On Tue, 24 Feb 2004, Danilo Segan wrote:

> Date: Tue, 24 Feb 2004 22:22:36 +0100
> From: Danilo Segan <danilo gnome org>
> To: jm poure com
> Cc: foundation-list gnome org
> Subject: Re: Licensing and copyright
> It's hard to stay out of this, it seems (and my apology to anyone
> already enraged about this [part of] thread, but I cannot help 
> myself).  I suggest only those who're really bored read this
> (not excluding Jean-Michel either ;) -- I put out here my wealthy
> arsenal of rants and trolls.
> Jean-Michel POURE <jm poure com> writes:
> >
> > I was raising attention about other issues: the need for non-US residents to 
> > comply with the laws of the United-States, even after assignment.
> >
> This is completely off: you need not comply with US laws if you're not
> US resident, and you're not currently in US.  While in US, you
> certainly have to abide by US laws.
> So, if you assign your copyright to FSF, you get protection in the US
> for no extra cost: in your own country, FSF can probably do little
> about it, except in really significant cases.
> As you also said earlier, most local laws in Europe don't allow
> transferring complete rights, i.e. in at least Serbia, there's no way
> to alienate "moral rights" -- if author of any copyrighted work finds
> it misused as compared to their original intentions, they're allowed
> and encouraged by law to get their rights back (to make a contract
> void), or to seek some compensation.
> So basically, if FSF under US law would ever have to go under
> any of the scenarious you mention, it would happen only in US, unless
> other countries also establish same (imaginary) laws you envision.

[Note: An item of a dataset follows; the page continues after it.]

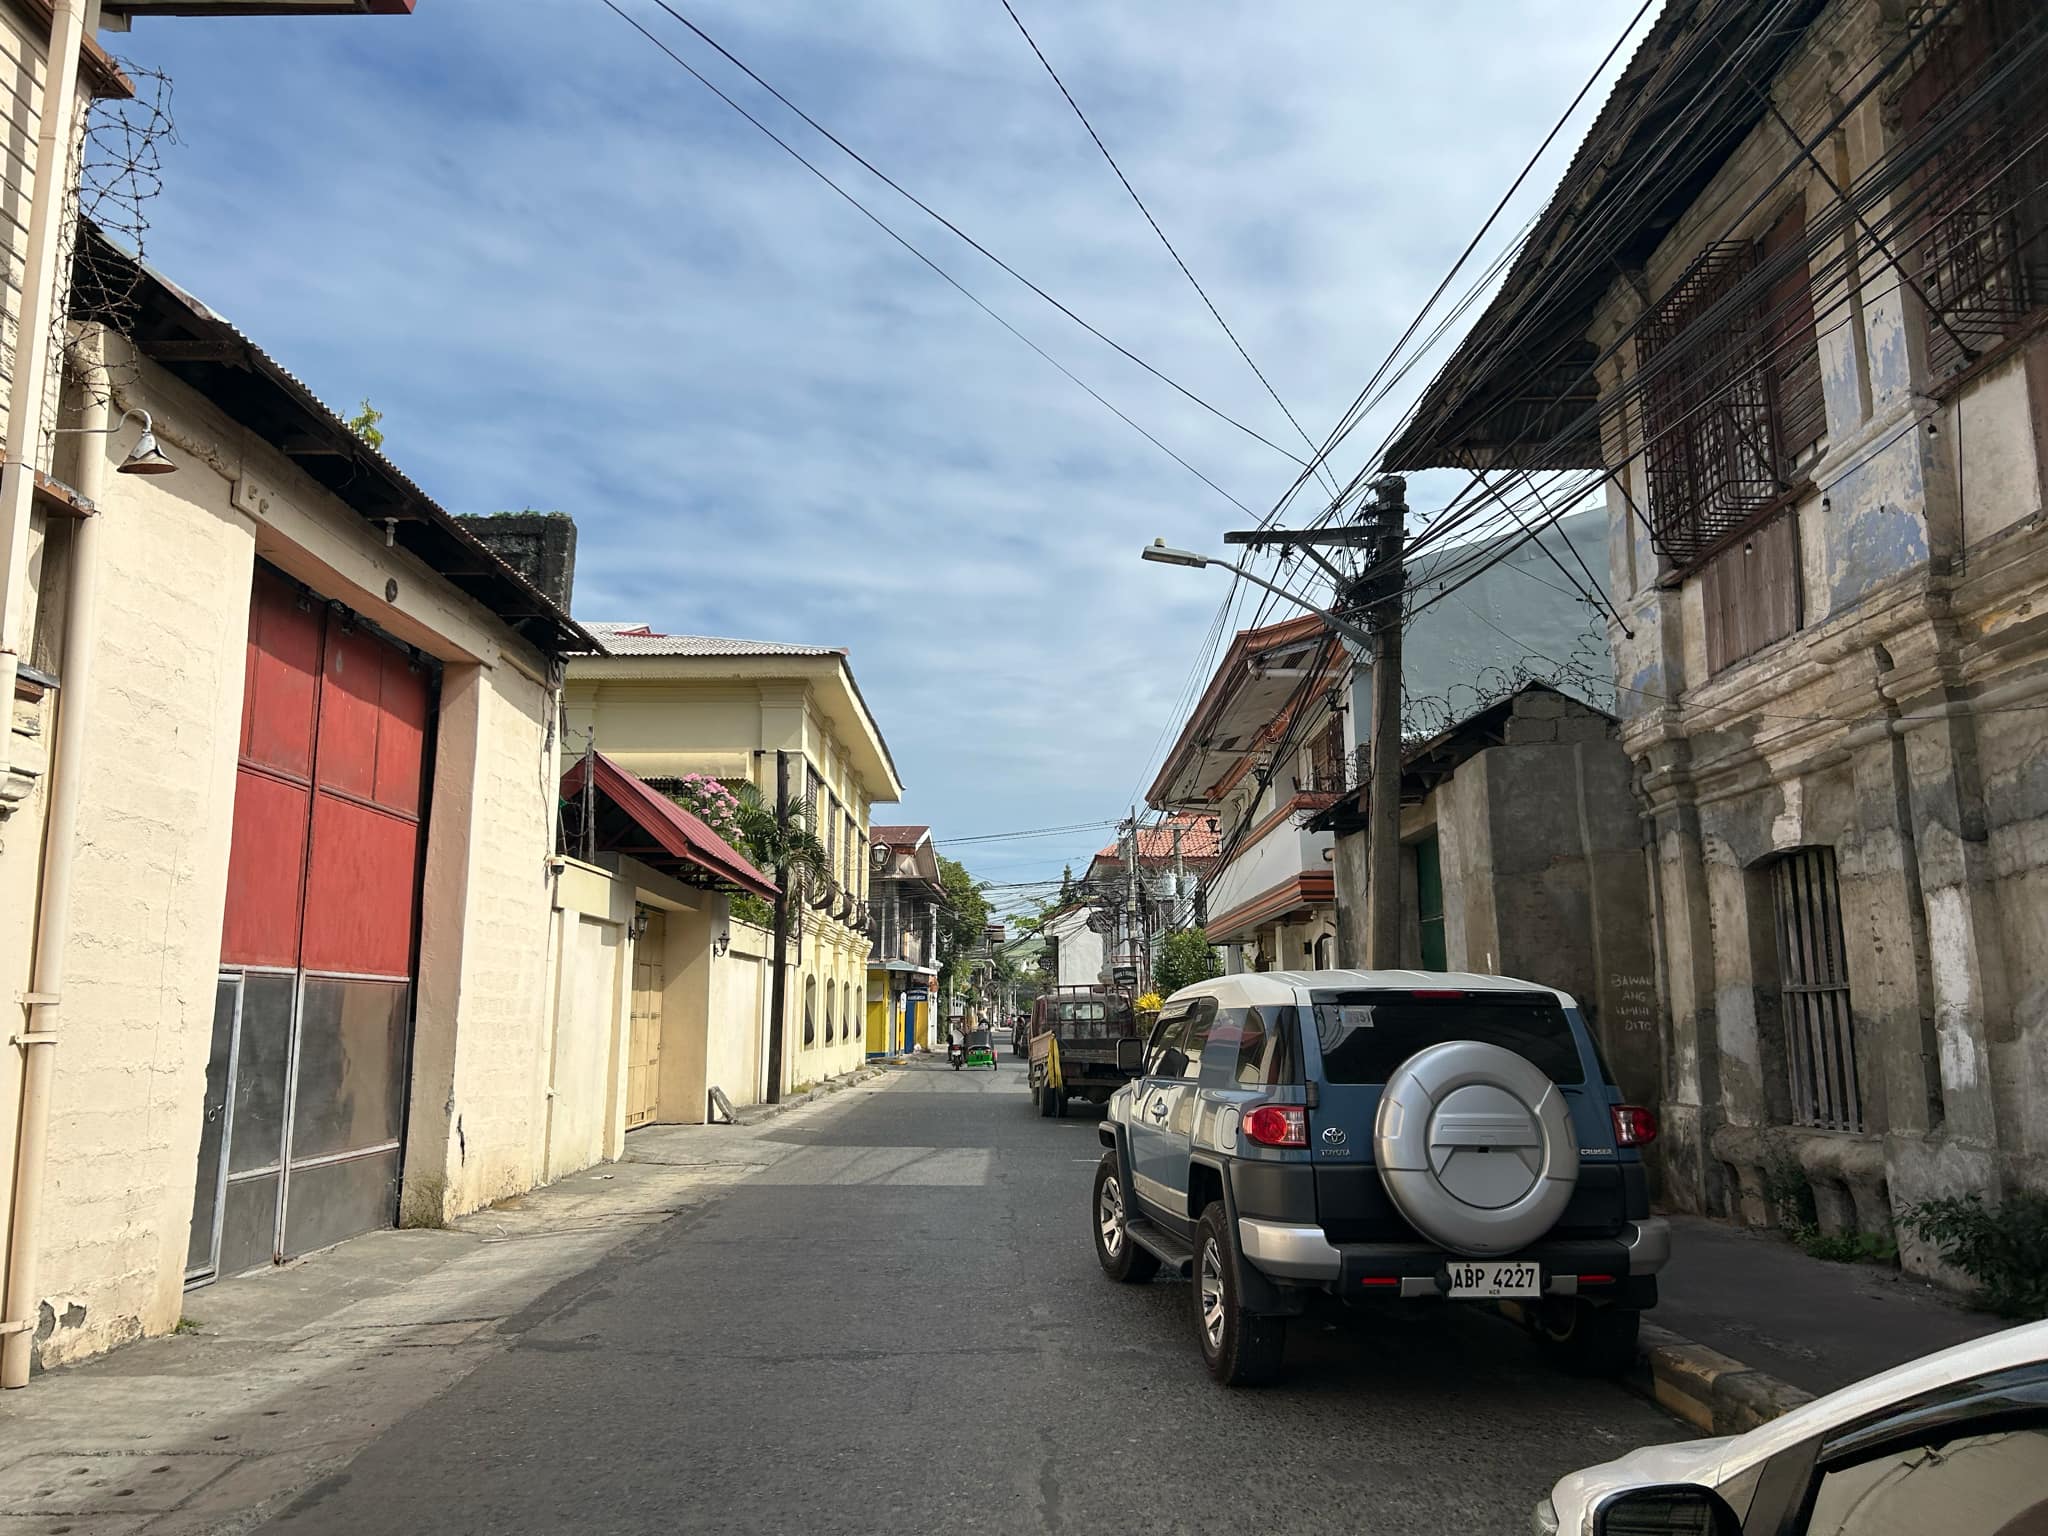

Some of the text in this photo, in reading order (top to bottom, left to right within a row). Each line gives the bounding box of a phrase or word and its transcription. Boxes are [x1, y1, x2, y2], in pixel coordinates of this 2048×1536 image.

[1611, 974, 1651, 987] BAWAL
[1454, 1268, 1535, 1288] ABP 4227

> And if that happens, you're pretty much screwed up no matter where
> you are, ain't you?
> > In case of terrorism, the American government could well decide to nationalize 
> > the FSF assets (this is absolutely fiction) to prevent any use of Free 
> > Software by terrorists.
> They can only "control" their own citizens, provided they allow them
> to do it (or they change from "democracy" to some sort of "autocracy"

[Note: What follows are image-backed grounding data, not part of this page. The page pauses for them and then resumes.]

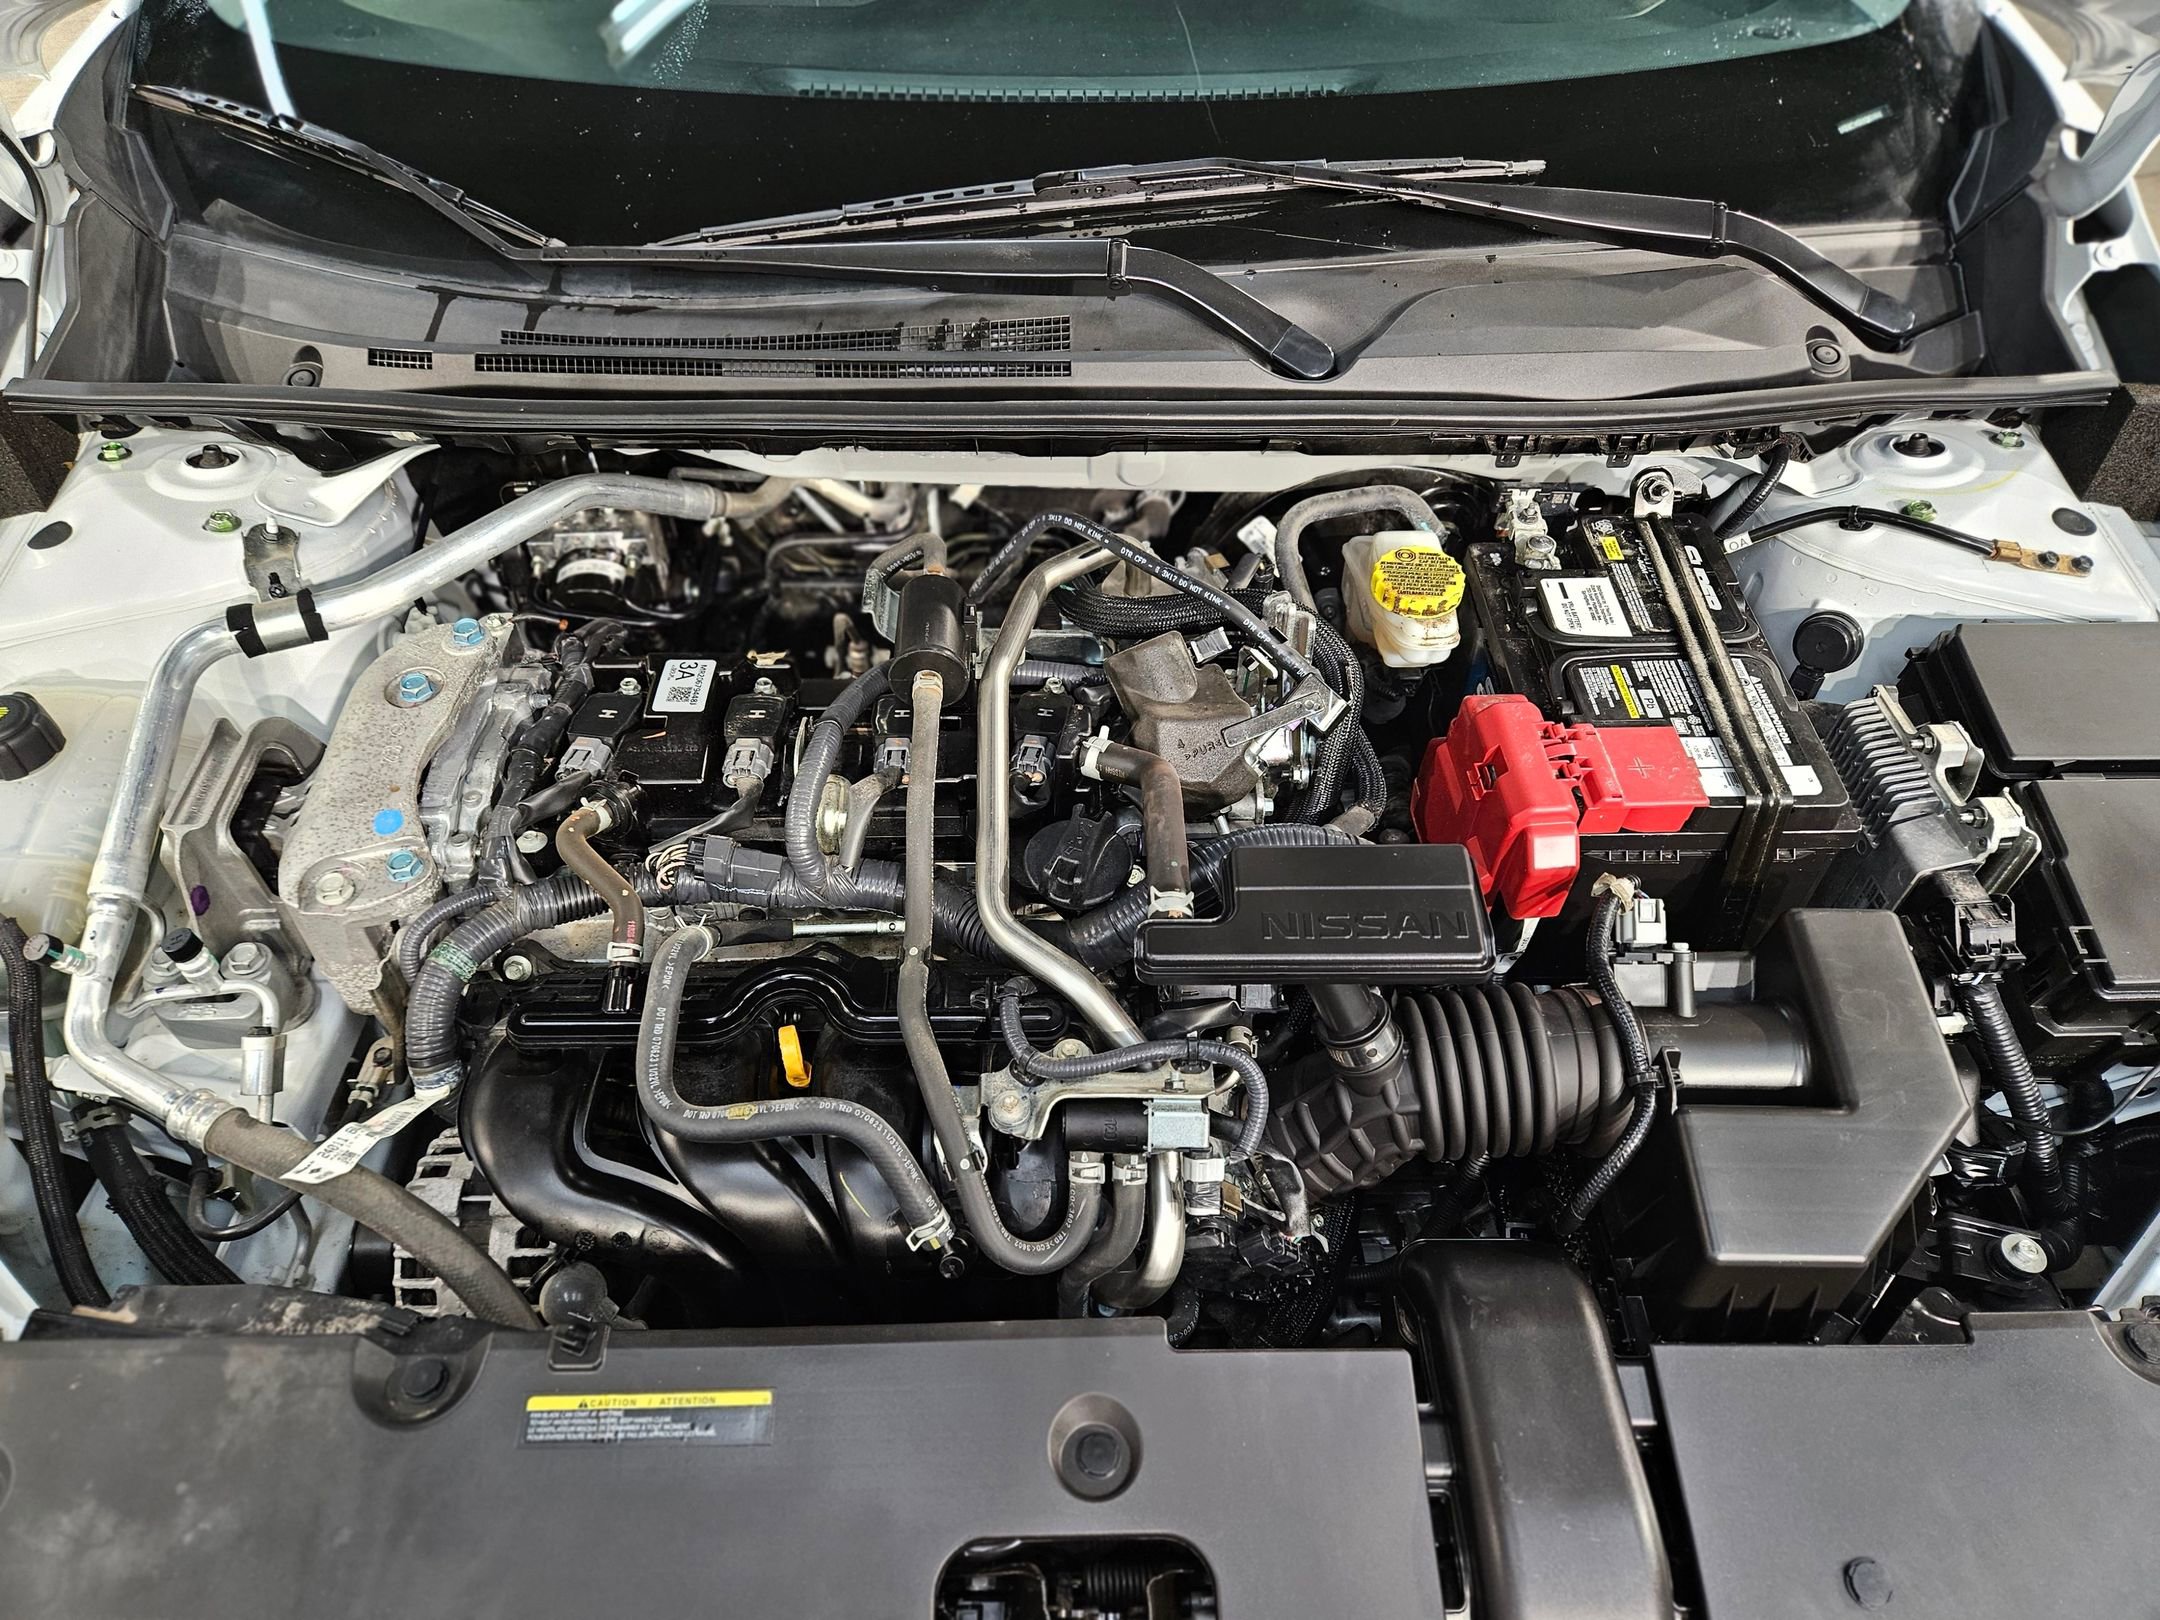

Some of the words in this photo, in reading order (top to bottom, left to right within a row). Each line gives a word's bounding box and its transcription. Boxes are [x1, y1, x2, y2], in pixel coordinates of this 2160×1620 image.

[1074, 521, 1086, 532] NOT
[1087, 528, 1103, 541] KINK
[1178, 579, 1188, 588] DO
[1189, 584, 1203, 594] NOT
[1204, 591, 1223, 605] KINK
[675, 661, 699, 681] 3A
[1646, 697, 1654, 710] Pb
[1262, 910, 1470, 940] NISSAN
[656, 1007, 666, 1020] DOT
[659, 1396, 716, 1406] ATTENTION

> or "oligarchy", which they may already be ;).
> > Another example :
> >
> > What if Gnome is used in an American power-plant and the power-plant explodes 
> > (this is absolutely fiction)?
> I strongly suggest against using Gnome in an American power-plant.
> Actually, I strongly suggest against using Gnome in any power-plant.
> Gnome was not built up to the standards and requirements for high-risk
> real-time operation (medical, army, running power plants, planes,
> subway...).
> Gnome is a #$%!#@ desktop environment (ok, and development platform
> for desktop apps)!
> > To make it clearer:
> >
> > Let us suppose that I am a person of Siberia visiting California. Would you 
> > agree to sign an assignment under the laws of Siberia? Would you trust the 
> > Siberian government and the Siberian laws? Even if Siberia is the "best 
> > country for copyright".
> I didn't know the Siberia has law-makers autonomous from Russia. :)
> Still, American laws don't apply to you unless you're in the US (if
> they do apply, it's because your country has an agreement with US, and
> that's defined through your local laws, not US laws).
> There's no clause in GPL or copyright assignments that you plan to
> abide by US laws, whatever they may be.  Do you perhaps remember
> export restrictions on cryptographic software?  How come there was so
> lot of it, yet it was against the law in US to distribute it outside
> US?  How come that law didn't apply to European countries and their
> citizens?
> And if you want to bring a point of "what if they change laws, and I'm
> visiting US", how about this: "what if they change laws such as to
> make all French or non-US citizens illegal in US, and you're visiting
> US"?  It's like thinking: "a man can get hit by a car when crossing
> the street, so I'll hold onto this side of the street for the rest of
> my life" (and later on, a car runs down the sidewalk and over you --
> just trying to be a bit more poetic ;).
> So stop with "what if's" and concentrate on realistic assumptions.
> > Until a detailed analysis is written by a professor in law, I do not recommand 
> > any non-US resident to donate ownership of his/her Gnome work to the FSF 
> > California. If you are an American citizen, there is no problem in doing so.
> There's no "ownership" of "work of an author" (as it's called in
> Serbian copyright law).
> That's the essence of copyright: creators of works that cannot be
> "owned" are thus encouraged to produce them, because they get some
> rights on their use for a limited period of time.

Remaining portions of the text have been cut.